At the focal point of the icon there is a cup between them on the table. It is a wonderful use of symbol and suggestion.

The Trinity hints at the Eucharist.

It is as if the divine persons were saying: be one with one another as we are one. (See John 17:21) To make the invitation even clearer, there is an empty place at the table.

We are being invited and drawn into the inner life of the Trinity, to sit at that empty place at God’s table. Jesus is the way; the Spirit is the inner urge to move that way.

“No one can come to the Father unless the Father draw them” (Jn 6:44). Commenting on this in the fifth century, St Augustine wrote: “He did not say lead, but draw. This ‘violence’ is done to the heart, not to the body…. Believe and you come; love and you are drawn”.

Abraham’s three visitors

In the Genesis account the Lord visits Abraham in the form of three men who are apparently angels representing God.

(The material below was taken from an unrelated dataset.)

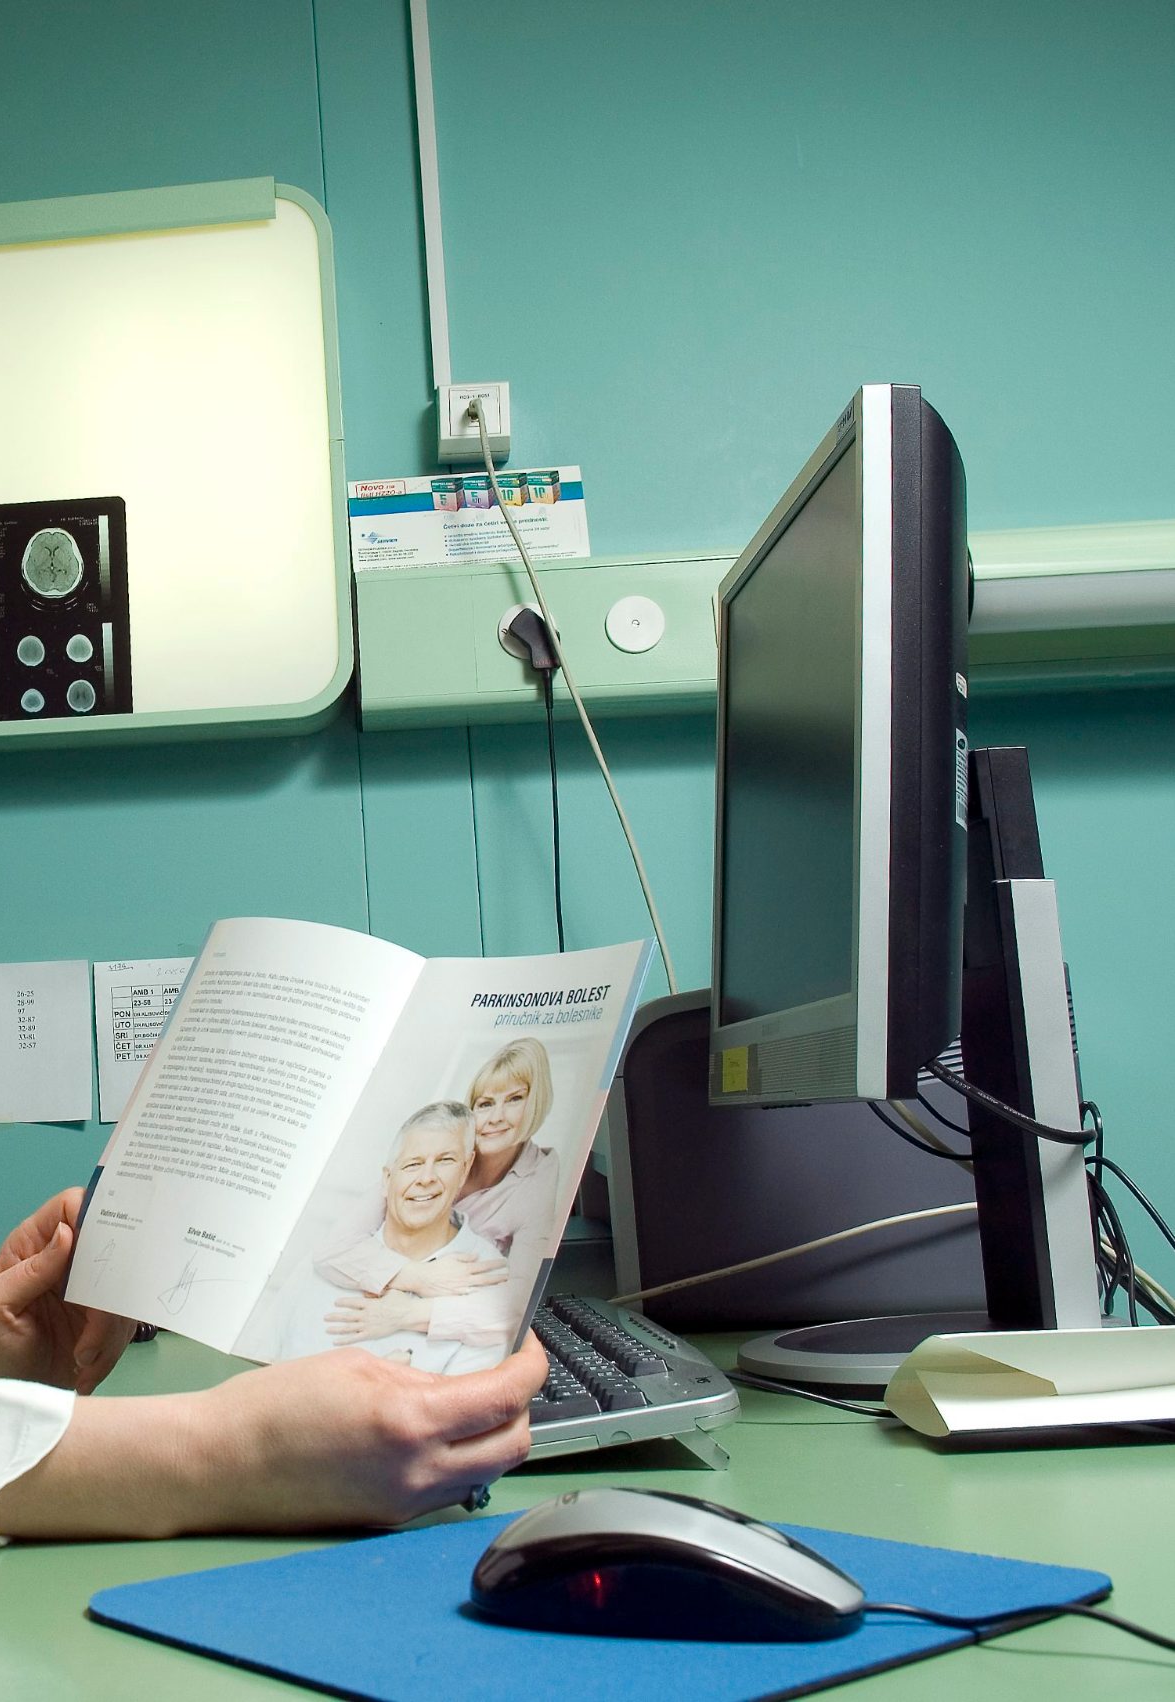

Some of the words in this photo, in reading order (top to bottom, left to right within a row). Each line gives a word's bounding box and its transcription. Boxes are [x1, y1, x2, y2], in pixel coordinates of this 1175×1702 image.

Abraham bows low to the ground before his three visitors and they speak to Abraham in union and are alternatively referred to by the Genesis writer as “they” or “the Lord.”  Abraham offers them the hospitality of foot washing, rest under a shade tree, and a meal and they offered him the announcement that God was going to give he and his wife Sarah a son, though Sarah was far past the age of childbearing.

Symbolism in Rublev’s Icon

In Rublev’s icon painting he depicts the three heavenly visitors sitting at a table with a cup placed before them on the table.  Most scholars understand the figures to be seated left to right in their doxological order of Father, Son, and Spirit.

Others had painted this Biblical story, but Rublev was the first to paint only the three angelic figures and to make them of equal size.  Rublev depicts the three as One Lord.  Each holds a rod in his left hand, symbolizing their equality.  Each wears a cloak of blue, the colour of divinity.  And the face of each is exactly the same, depicting their oneness.

The Father is like the figure on the left.  His divinely blue tunic is cloaked in a colour that is light and almost transparent because he is the hidden Creator.  With his right he blesses the Son – he is pleased with the sacrifice he will make.  His head is the only one that is lifted high and yet his gaze is turned to the other two figures.

The Son is portrayed in the middle figure.  He wears both the blue of divinity and reddish purple of royal priesthood.  He is the King who descends to serve as priest to the people he created and to become part of them.  With his hand he blesses the cup he is to drink, accepting his readiness to sacrifice himself for humanity.  His head is bowed to his Father on the left.

The Spirit is indicated in the figure on the right.  Over his divinely blue tunic he wears a cloak of green, symbolizing life and regeneration.  His hand is resting on the table next to the cup, suggesting that he will be with the Son as he carries out his mission.  His head is inclined toward the Father and the Son.  His gaze is toward the open space at the table.

Notice the beautiful circular movement in the icon of Father, Son, and Spirit?  The Son and the Spirit incline their heads toward the Father, and he directs his gaze back at them.  The Father blesses the Son, the Son accepts the cup of sacrifice, the Spirit comforts the Son in his mission, and the Father shows he is pleased with the Son.  Love is initiated by the Father, embodied by the Son, and accomplished through the Spirit.